Sun Spots: Dr. Michelle Rivera on Springtime Skin Care

With the sun getting stronger, it’s time to change up your skin-care regimen. A local dermatologist gives us tips for protecting your skin from sun damage.

By: Mollie Reilly

Soy-infused moisturizers, such as this one from Aveeno, can help brighten and restore damaged skin.

Spring is officially here, and if you’re anything like us, you can’t wait to get outside and enjoy the warmer weather. The sun might seem mild now compared with the sweltering rays of summer, but don’t let the temperate weather trick you out of skipping a smart skin-care regimen.

According to Dr. Michelle Rivera, a dermatologist in Arlington, it’s never too early to start protecting your skin from the sun.

“I often see patients who get sunburns in the early part of spring,” she says. “People are excited about the warm weather but don’t think about putting on sunscreen unless they’re going to the beach.”

So before you go for a run in shorts and a T-shirt, remember to stock up on the right protective products.

For maximum protection, pick up two sunscreens: an everyday formula you can wear under makeup and a waterproof lotion to put on when you go outside.

Make sure you pick a daily lotion that works well with your skin type. This can be especially crucial for those with sensitive skin. Most beauty lines, ranging from drugstore staples such as Cetaphil and Neutrogena to higher-end brands, make moisturizers that block harmful rays but won’t clog pores. Look for products marketed as “oil-free” or “sheer.” If you don’t react well to lotions, you can skip the moisturizing step all together and opt for a powder, mineral-based foundation with SPF built in.

If you have a ruddy complexion or rosacea, Dr. Rivera recommends sunscreens high in vitamin B, which acts as a natural hydrator. Niacin-based moisturizers such as CeraVe can help reduce blotchiness while also protecting the skin from further damage.

Sunscreens that contain soy can help people who have brown blotches on their skin as a result of pregnancy or sun damage. The soy acts as a natural brightener, helping restore the skin to its original state.

For people with skin allergies, your best bet might be a physical sunscreen, also known as sunblock. While most other sunscreens are chemical, meaning the lotion has a combination of molecules that absorb light energy, physical sunscreens actually block UVA and UVB waves. These zinc-oxide or titanium-dioxide-based products are non-allergenic and sit on top of the skin, so you’re less likely to have a reaction.

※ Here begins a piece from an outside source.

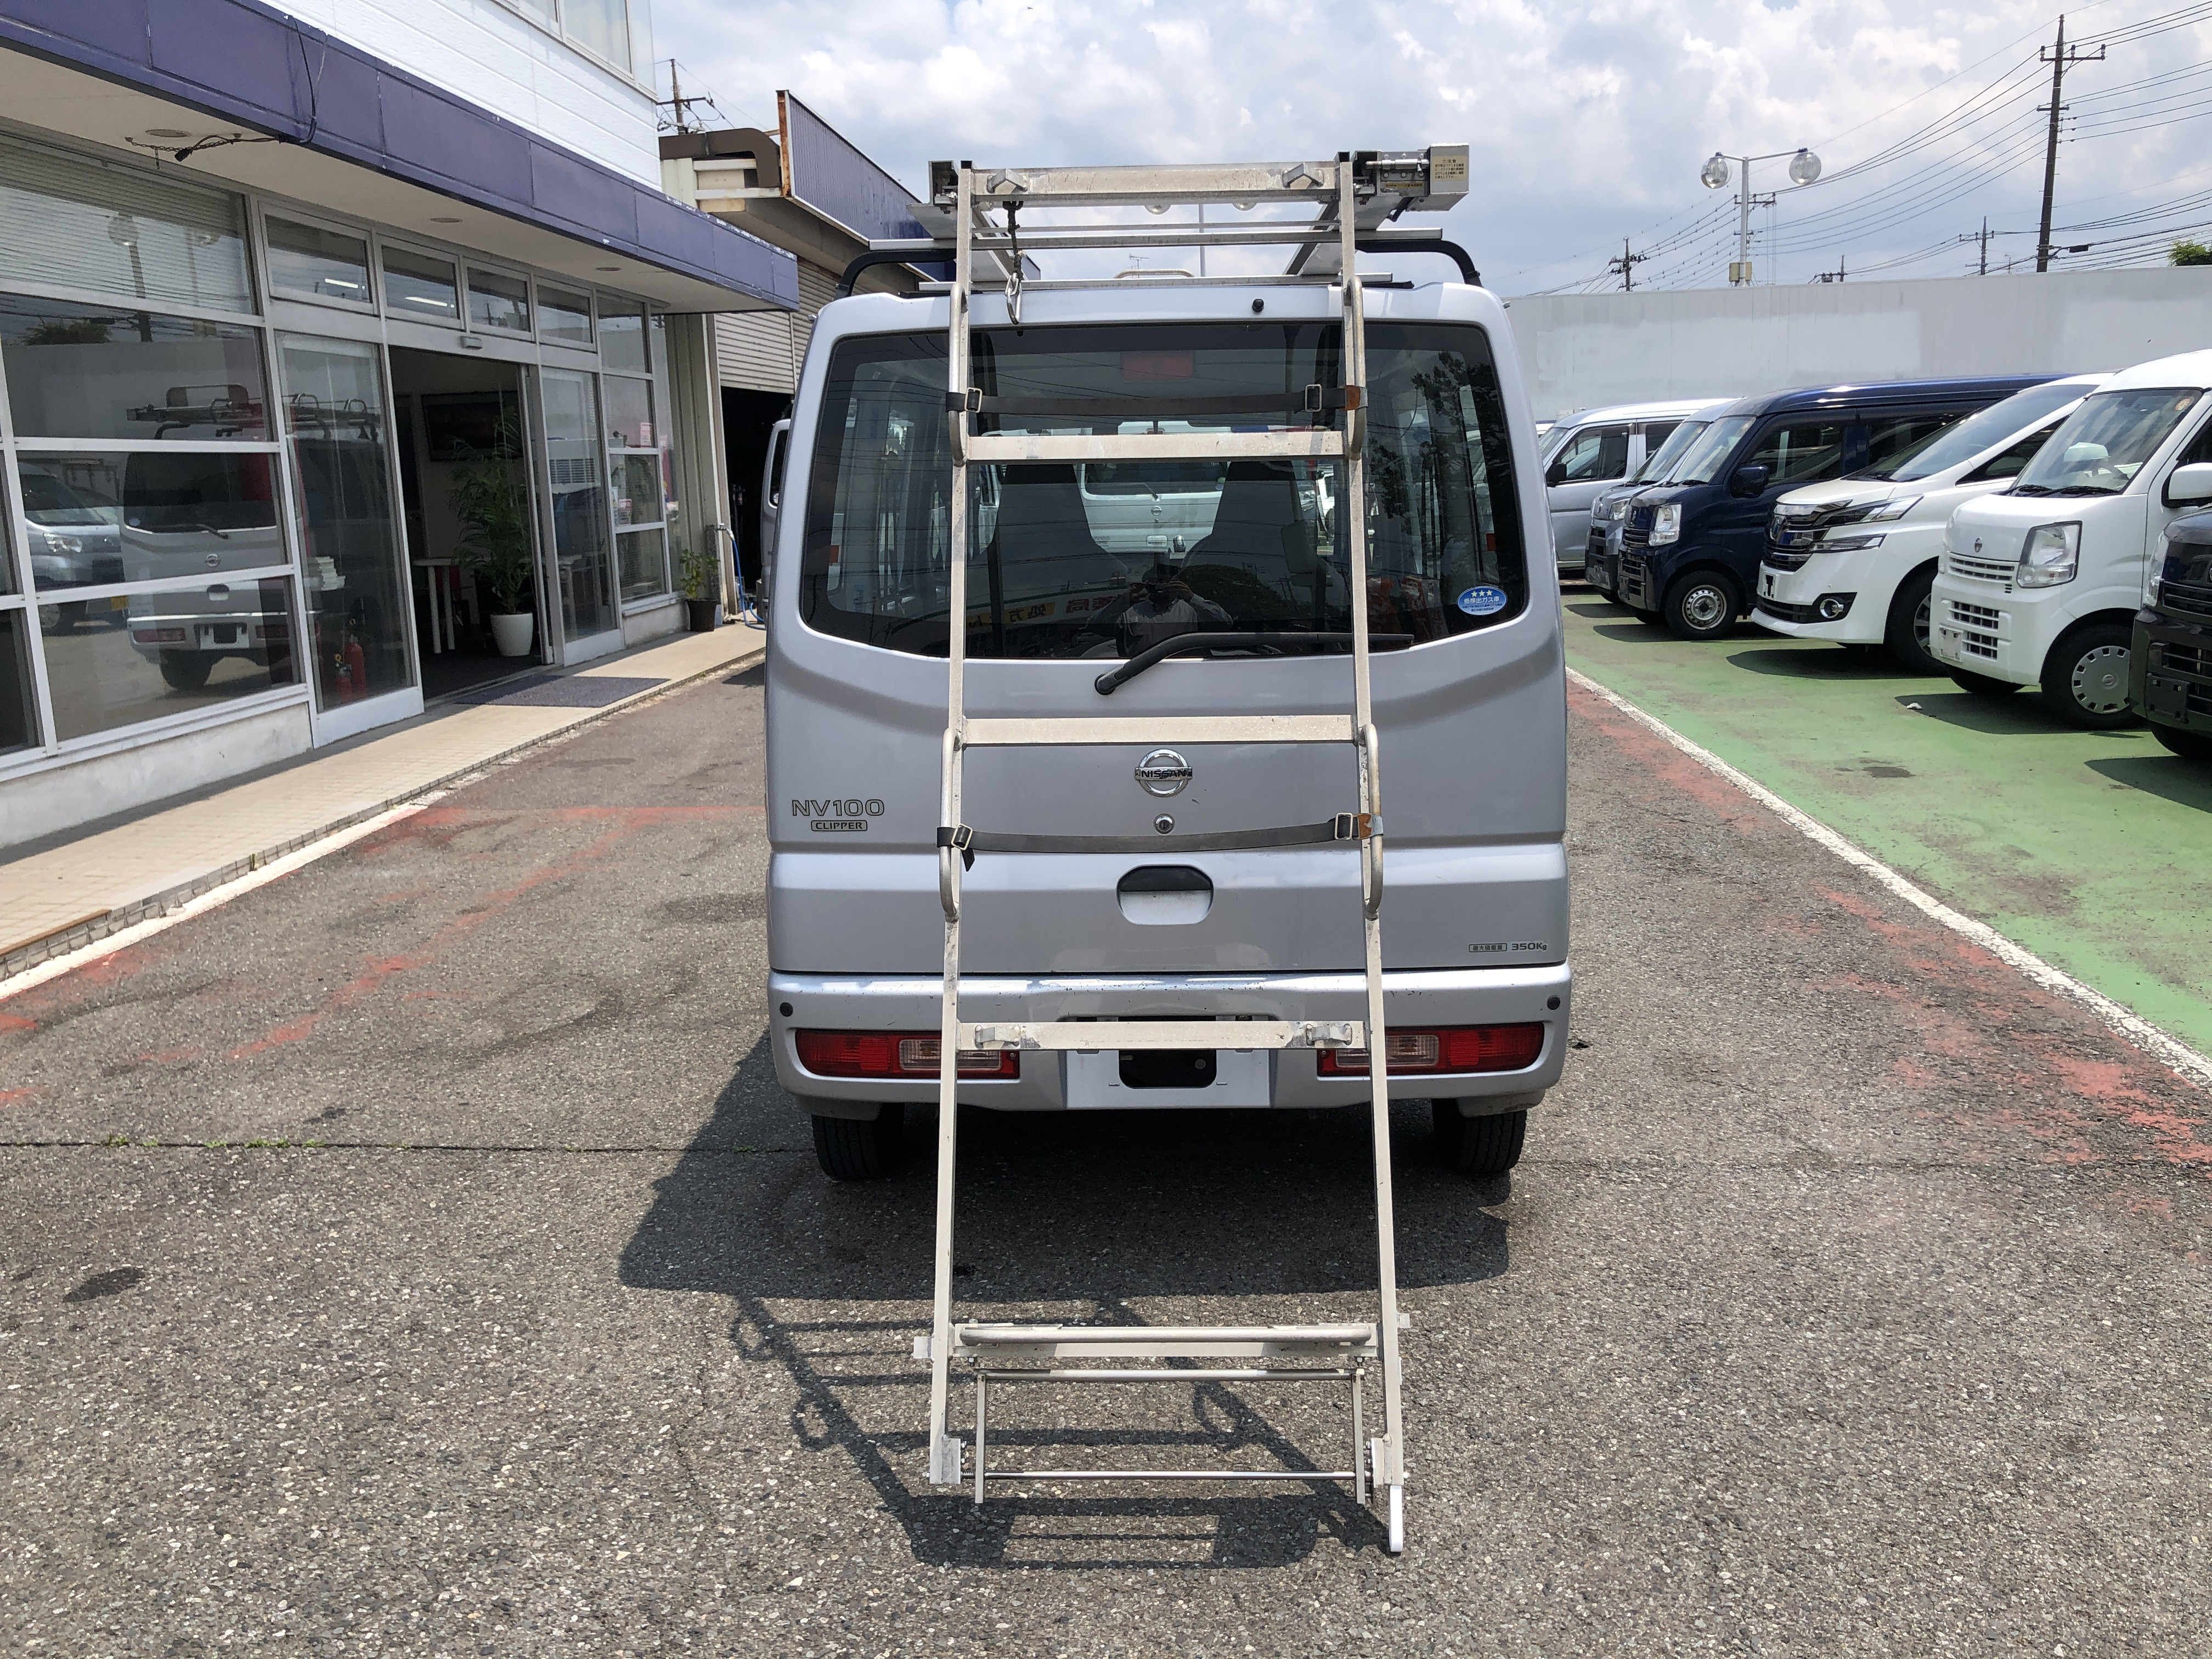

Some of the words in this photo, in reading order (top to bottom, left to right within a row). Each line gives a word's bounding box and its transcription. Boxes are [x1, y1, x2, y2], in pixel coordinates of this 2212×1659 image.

[1464, 596, 1500, 605] 低排出ガス車
[1141, 770, 1186, 778] NISSAN
[792, 799, 885, 816] NV100

Beyond topical products, look for athletic wear made from ultraviolet-protecting fabric. Companies such as Athleta have UPF (ultraviolet protector) ratings on their clothes. There are also sun-protecting shampoos and styling lotions for your hair, which Rivera says are particularly important for those who dye or straighten their locks. “Sunlight can break down the chemical bonds in your hair and even change the color,” she says.

But what if you put on your SPF and still got burned? Take a couple of aspirin, says Rivera. It won’t undo the damage, but it’ll help relieve inflammation and keep your discomfort to a minimum.

Most importantly, remember to save your anti-aging creams and retinol-based products for bedtime. When combined with the sun, they can do much more harm than good.

Rivera has a simple mantra for her patients: “Protect your skin during the daytime, and repair your skin at night.”